Studies of dehydroepiandrosterone (DHEA) with the human estrogen receptor in yeast

Dehydroepiandrosterone (DHEA) is a C19 adrenal steroid synthesized in the human adrenal cortex and serving as a biosynthetic precursor to testosterone and 17β-estradiol. Despite the fact that it is one of the most abundant steroid hormones in circulation, the physiological role of DHEA in humans remains unclear. The action of DHEA itself, such as its interactions with receptors and nuclear transcription factors, is not well understood, and a specific DHEA receptor has yet to be identified. Although the activity of DHEA can be due to its metabolism into androgens and estrogens, DHEA has been shown to interact with the androgen receptor and the estrogen receptor (ER) in vitro.

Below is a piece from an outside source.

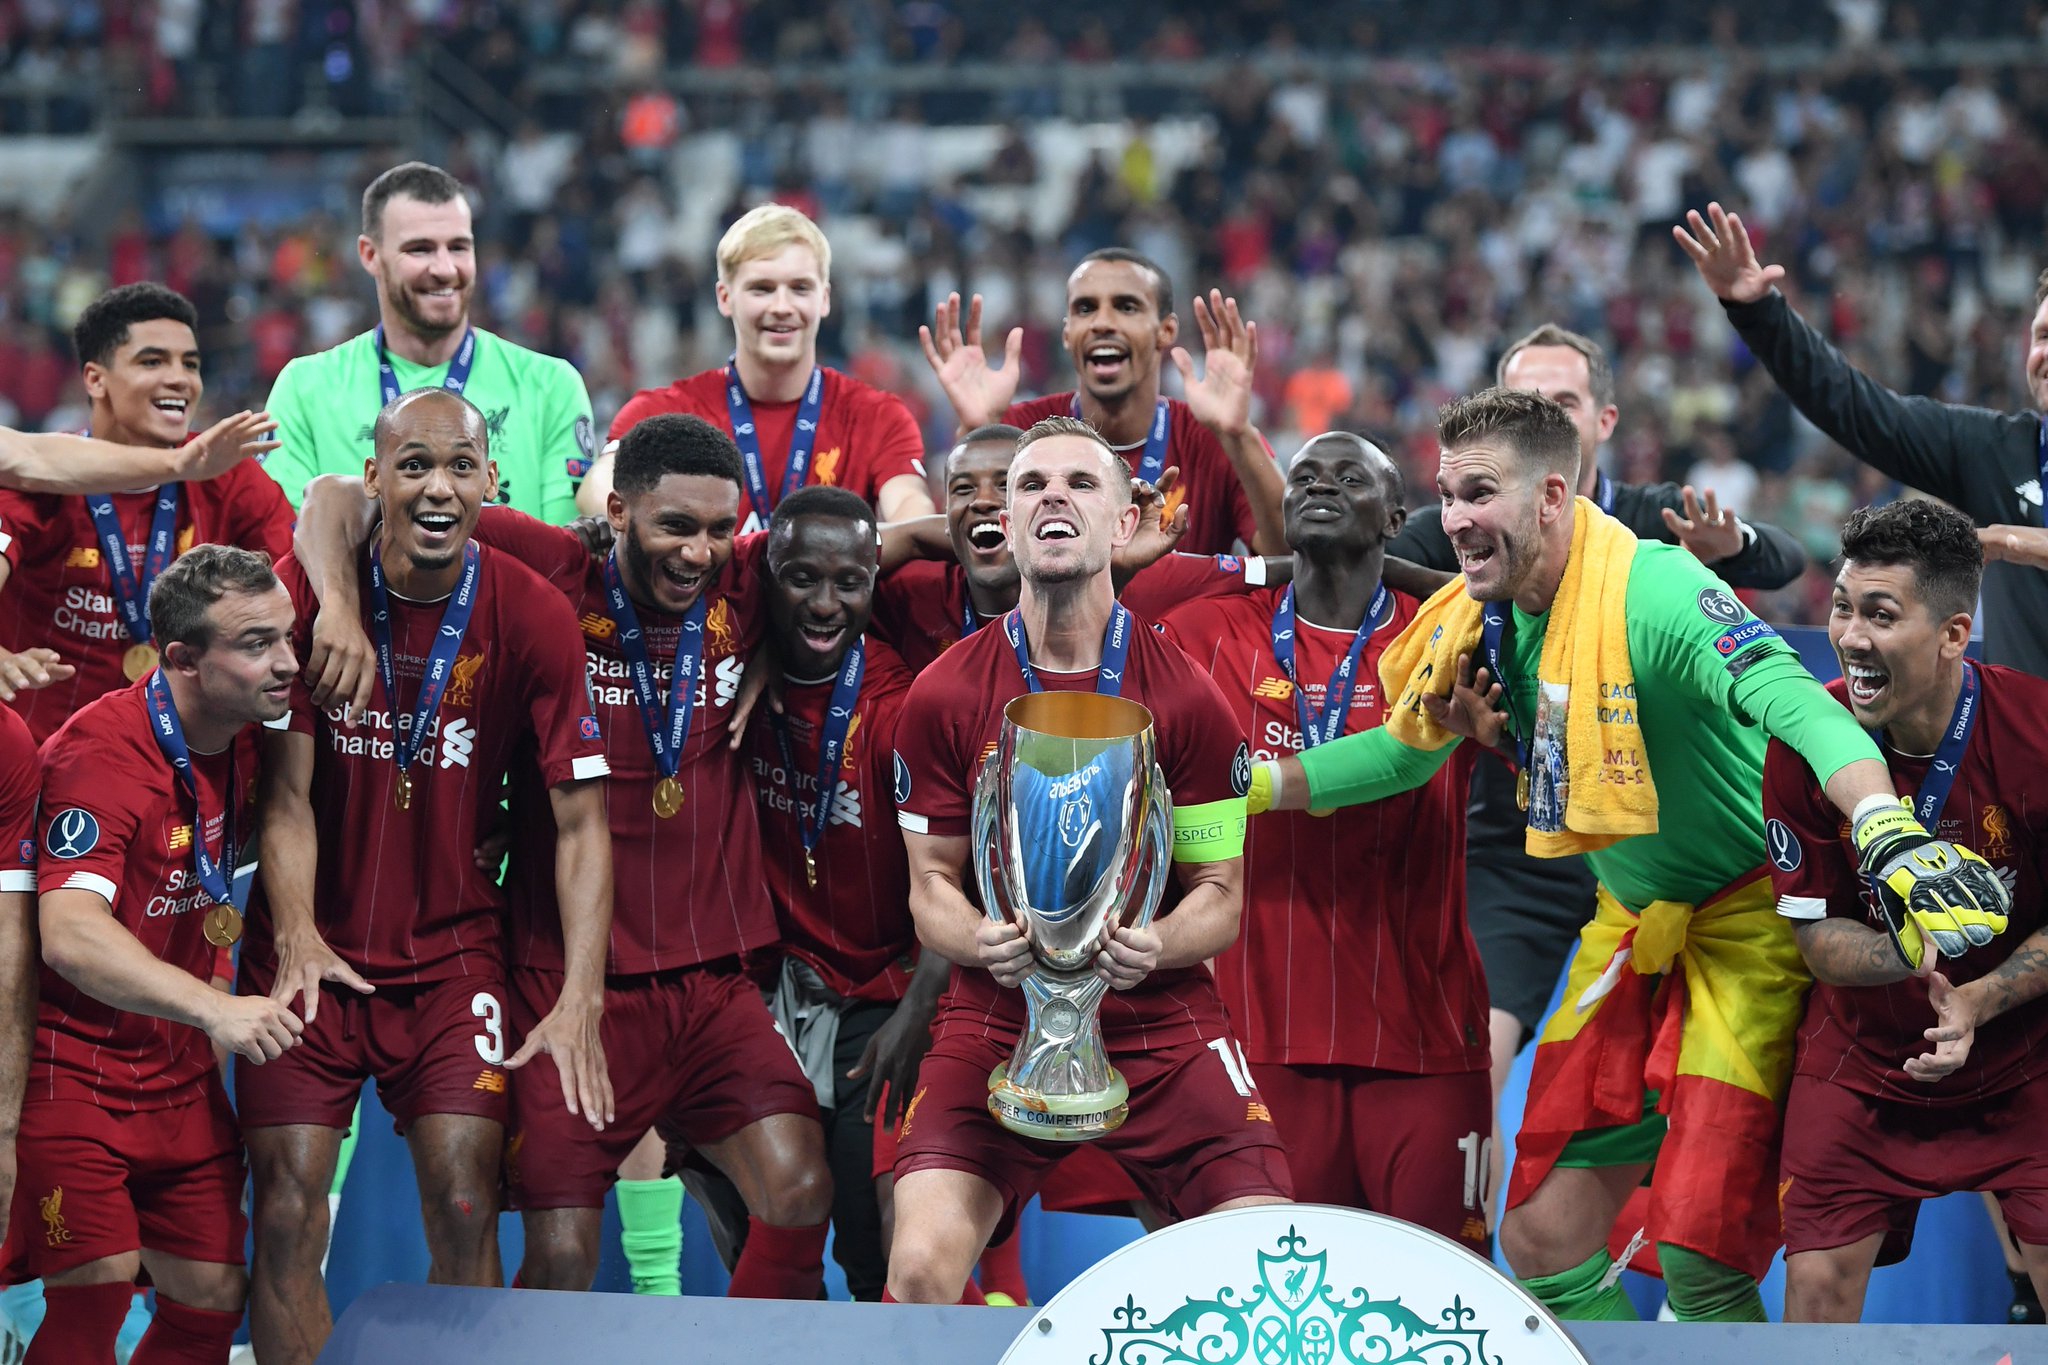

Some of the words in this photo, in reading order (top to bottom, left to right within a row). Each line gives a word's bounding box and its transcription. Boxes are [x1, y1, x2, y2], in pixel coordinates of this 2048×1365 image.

We demonstrate in this study that DHEA (3β-Hydroxy-5α-androstan-17-one) inhibits 17β-estradiol (E2) binding to its receptor in vivo in yeast. DHEA stimulates human ER dimerization in yeast, as determined by ER fusion protein interactions, GAL4 reconstitution and subsequent measurement of increased β-galactosidase activity. DHEA causes an increase in estrogen response element-dependent β-galactosidase activity, demonstrating that the ER dimer induced by DHEA is transcriptionally active, but at a concentration of DHEA about 1000 times greater than E2. Inclusion of the nuclear receptor co-activator RIP140 in the yeast enhances ER transactivation by DHEA or E2 in a ligand-dependent manner; moreover, only in the presence of RIP140 is DHEA able to stimulate β-galactosidase activity to levels similar to those achieved by E2. Ligand-receptor interaction for other C19-steroids was also examined. While 5-androstene-3β, 17β-diol (ADIOL) displayed estrogenic activity in this system, 4-androstene-17-dione (androstenedione) and 4-androstene-17β-ol,3-one (testosterone) did not. We have investigated whether DHEA can interact with the human ER in vivo. Our findings demonstrate a mechanism by which DHEA interacts directly with estrogen signaling systems; however, because DHEA is several orders of magnitude less potent than E2 in this system, we conclude that it essentially is not an estrogen agonist.